Dengue virus (DENV) infection can manifest as dengue fever (DF) or dengue hemorrhagic fever (DHF), although DHF often becomes clinically apparent around defervescence. How complement components and other immune responses evolve over the course of illness from the febrile to recovery phase remains incompletely defined. This study characterized circulating complement activation and immune mediators in DF and DHF using paired febrile and early-recovery samples.

Methods

We conducted a multicenter prospective cohort study at five hospitals in Indonesia between November 2024 and October 2025. Patients with laboratory-confirmed dengue were classified as DF or DHF. Plasma concentrations of PTX3, C5a, IL-6, IL-10, IL-8, and CXCL10 were quantified in paired febrile and early recovery phase samples. Between-group differences, within-patient changes between the two time points, and correlations among immune mediators were assessed using appropriate statistical methods.

Results

We included 110 confirmed dengue cases in the analysis. PTX3 and IL-10 levels were significantly higher in DHF than in DF during early recovery, whereas no mediator differed significantly between severity groups during the febrile phase.
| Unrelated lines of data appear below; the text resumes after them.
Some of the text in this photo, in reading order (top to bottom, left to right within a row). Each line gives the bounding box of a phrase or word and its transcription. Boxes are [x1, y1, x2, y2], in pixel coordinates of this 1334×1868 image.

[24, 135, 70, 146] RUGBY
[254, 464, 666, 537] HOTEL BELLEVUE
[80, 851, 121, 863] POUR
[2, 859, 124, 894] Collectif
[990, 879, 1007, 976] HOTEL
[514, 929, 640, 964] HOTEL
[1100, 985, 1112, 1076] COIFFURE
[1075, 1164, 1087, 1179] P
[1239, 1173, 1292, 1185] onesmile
Across phases, C5a increased significantly from febrile to early recovery in DHF but not in DF, whereas PTX3 decreased significantly in DF but not in DHF. Correlations among mediators were generally weak to moderate, with a reproducible PTX3–IL-10–CXCL10 module observed across both phases.

Conclusion

The measured mediators did not distinguish DF from DHF during the febrile phase, but differences emerged in early recovery, with higher PTX3 and IL-10 in DHF. Across phases, C5a increased significantly from febrile to early recovery in DHF, whereas PTX3 decreased significantly only in DF. A PTX3–IL-10–CXCL10 module was observed at both time points. Together, these patterns suggest that within-patient changes around defervescence or in the early recovery may be informative and warrant evaluation in larger, prospectively timed cohorts.

Introduction

Dengue virus (DENV) is a mosquito-borne flavivirus responsible for dengue, one of the most widespread and clinically significant viral infections affecting humans. Globally, dengue is estimated to cause more than 400 million infections each year, resulting in approximately 22,000 deaths annually. The disease is endemic in over 100 countries across tropical and subtropical regions, where it constitutes a substantial and growing public health burden [1]. Clinically, dengue ranges from dengue fever (DF), an acute febrile illness without evidence of plasma leakage, to dengue hemorrhagic fever (DHF), in which increased vascular permeability leads to plasma leakage, as indicated by hemoconcentration or fluid accumulation [2].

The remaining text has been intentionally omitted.